While Expedia will likely post “modest improvement” in bookings, revenue growth and margin leverage in 2025, this will likely not be enough to keep the numbers rising in 2025, the analysts said.
Meanwhile, continued tepid growth in the company’s B2C business despite growing investments is also expected to weigh on the company’s “2025 earnings growth algorithm,” which they added after downgrading Expedia from Buy to Hold.
Expedia’s third-quarter bookings and adjusted earnings before interest, taxes, depreciation and amortization, or EBITDA, marginally exceeded expectations, but revenue came in slightly lower as third-quarter B2C revenue rose 140 basis points decreased on an annual basis.

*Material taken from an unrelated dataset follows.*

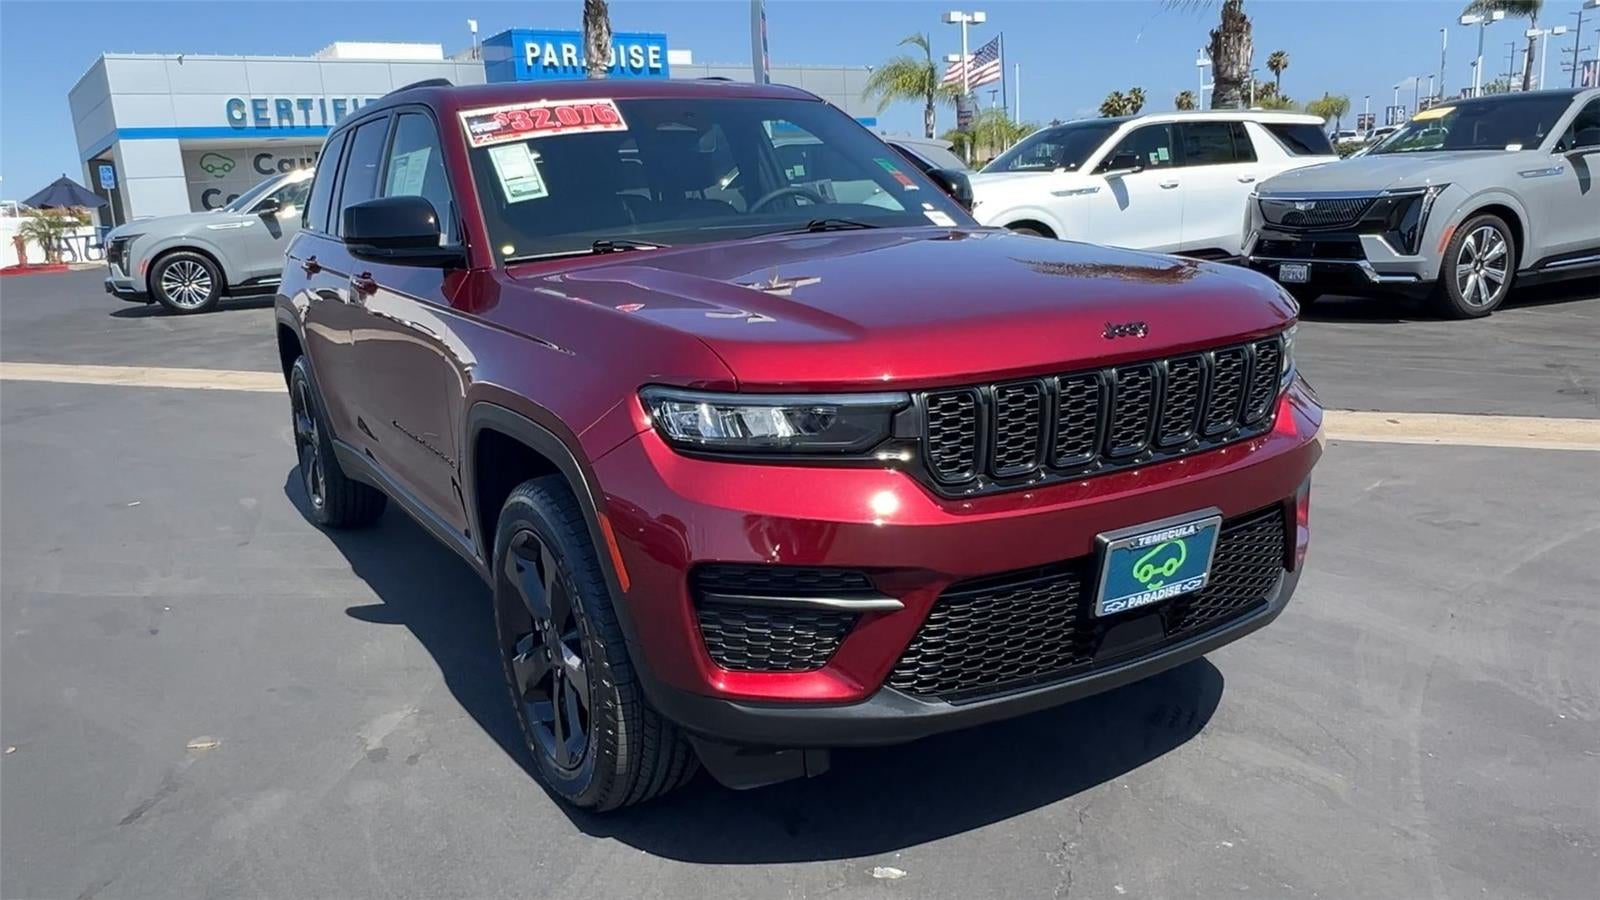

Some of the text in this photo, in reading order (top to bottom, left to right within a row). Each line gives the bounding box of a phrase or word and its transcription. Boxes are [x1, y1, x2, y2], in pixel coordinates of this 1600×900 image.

Direct marketing as a percentage of gross bookings, meanwhile, “continued to decline as investment in Vrbo, HCOM and international markets grew,” the analysts said.
While Expedia analysts expect modest improvement in bookings, revenue and adjusted EBITDA growth, these estimates are not without risk given “moderate underlying B2C bookings and revenue growth, tougher comparisons for Vrbo in the second half of 2025 and limited visibility on the total marketing effort.”
Looking ahead to the fourth quarter, Expedia reported mixed expectations, with bookings and revenue slightly higher, while adjusted EBITDA slightly missed consensus estimates.
But with Expedia’s stock trading at “16x our 25 GAAP EPS, EXPE’s discount to BKNG [Booking Holdings Inc (NASDAQ:) ] above the average range, and the EXPE is trading at the top of its two-year trading range, we believe the risk/reward is balanced,” the analysts said as they raised the stock price to $192 per share from $150.